Marine metagenomics is the study of genetic material recovered directly from the sea. It is a new and rapidly expanding area of research, and there is a danger that data is produced faster than users are able to share, analyze and interpret it. This workshop will provide marine microbiologists, who are embarking upon biodiversity and metagenomics research projects, training to use publicly available resources to manage, share, analyse and interpret amplicon based and metagenomics data and conduct metagenomics studies at large. Delegates will gain hands-on practice of using a range of data resources and tools, interspersed with lectures. The course will provide an opportunity for discussion of the major challenges in the field.

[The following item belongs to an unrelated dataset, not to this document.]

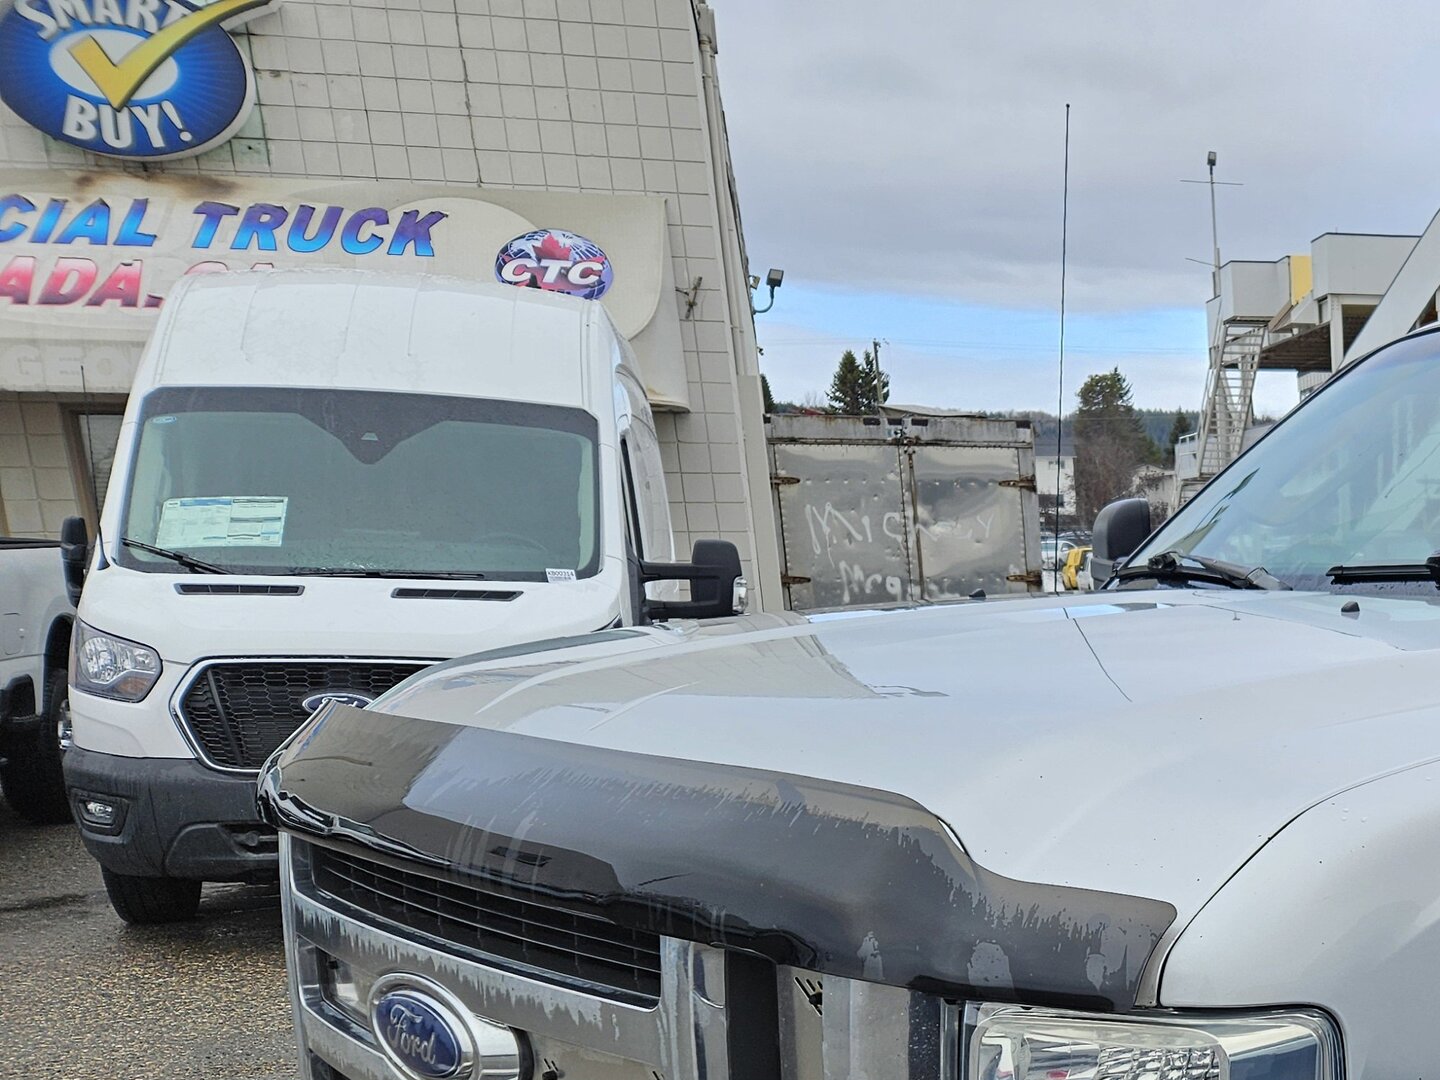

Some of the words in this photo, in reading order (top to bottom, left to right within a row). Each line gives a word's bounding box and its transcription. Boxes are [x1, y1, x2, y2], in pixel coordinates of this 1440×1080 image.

This course is aimed at marine biologists embarking upon new projects in the field of metagenomics research. The course assumes basic experience in sequence data analysis. Some of the tools to be introduced on the course will require the use of Linux/Unix commands. Although a pre-workshop session will be dedicated to basic Unix, we strongly recommend that you familiarize yourself with these before the workshop.
During this course you will learn about:
- Data generation: Next Generation Sequencing, amplicon-based approaches (ribosomal RNA)

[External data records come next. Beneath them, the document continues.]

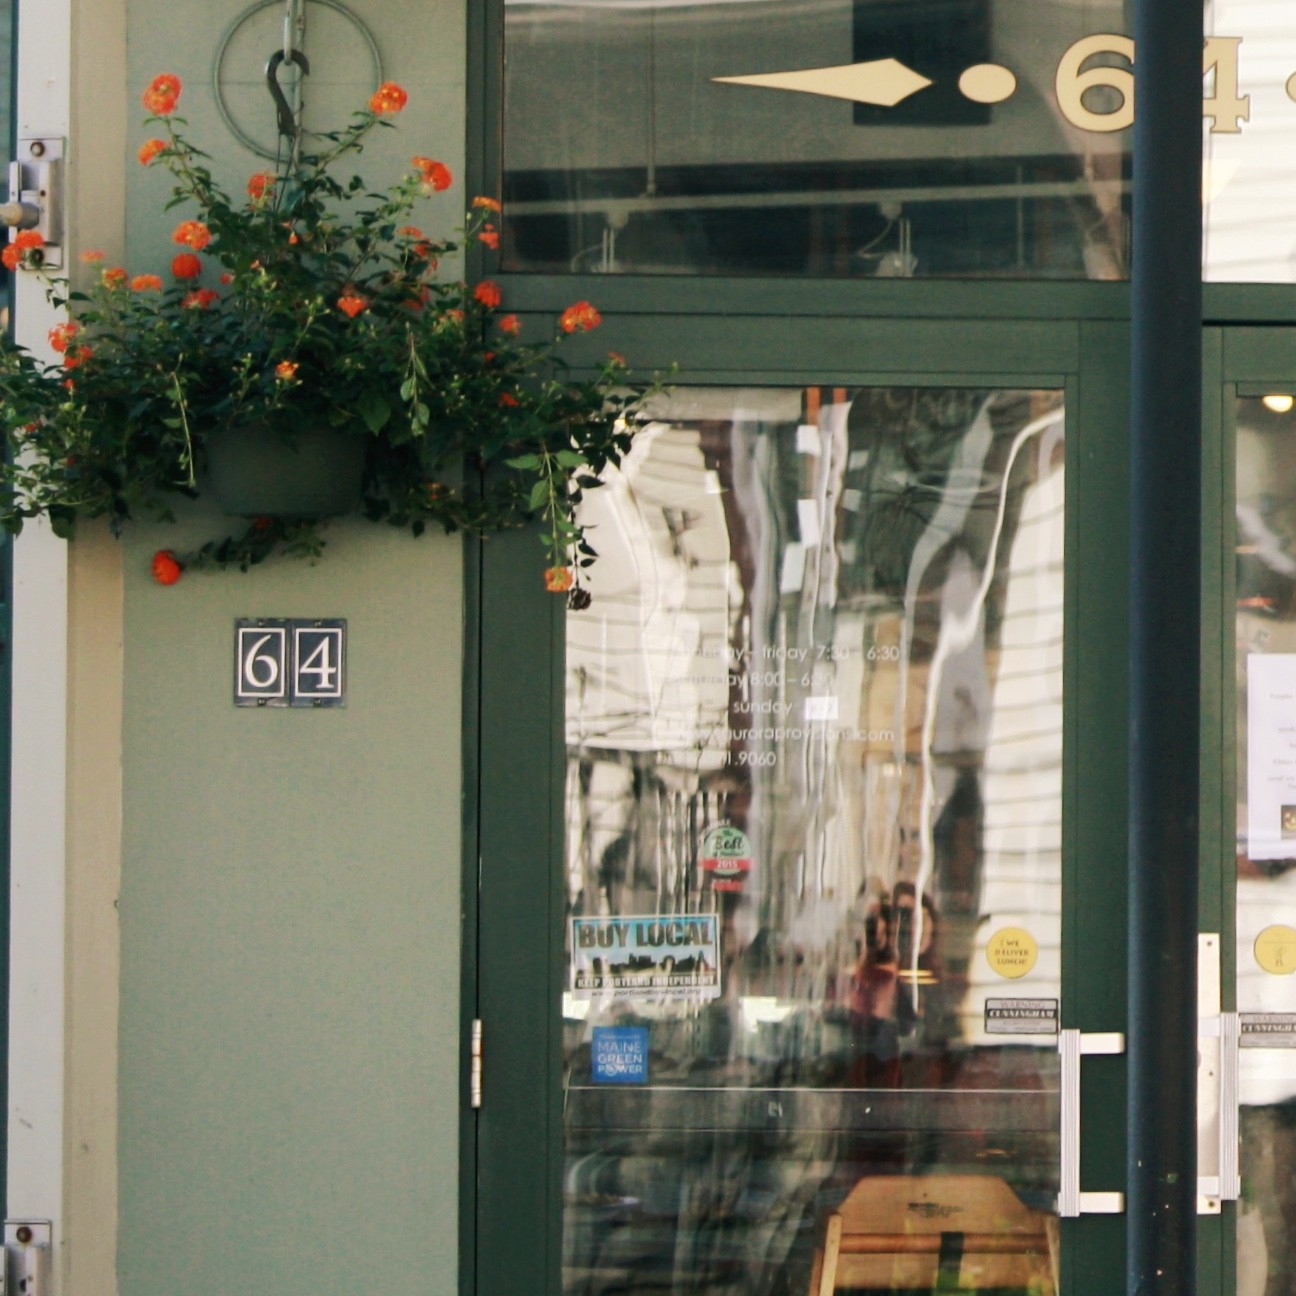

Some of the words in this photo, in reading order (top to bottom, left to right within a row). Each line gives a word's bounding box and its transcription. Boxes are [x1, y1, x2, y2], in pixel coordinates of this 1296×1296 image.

[244, 633, 337, 689] 64
[867, 645, 900, 662] 6:30
[732, 698, 794, 717] sunday
[578, 921, 631, 948] BUY
[635, 920, 713, 947] LOCAL
[597, 1040, 642, 1054] MAINE
[597, 1053, 643, 1064] GREEN

- Data submission: ENA, SRA
- Data analysis: The Metagenomics pipelines such asQIIME
- Data retrieval, analysis and interpretation
After this course you should be able to:
- Identify marker gene and metagenomics data with the minimum standards required for submission to comply with the Genomic Standards Consortium (GSC)
- Discuss the merits and drawbacks of using a range of amplicon based (marker genes) and metagenomics tools including the EBI metagenomics portal
- Submit marker genes metagenomics data to public repositories
- Use marine metagenomics pipelines
- Interpret results and compare them with other metagenomics datasets
- Use databases specific to marine metagenomics.
- Evaluates tools and pipelines for metagenomics analyses
- Interrogate marine metagenomics datasets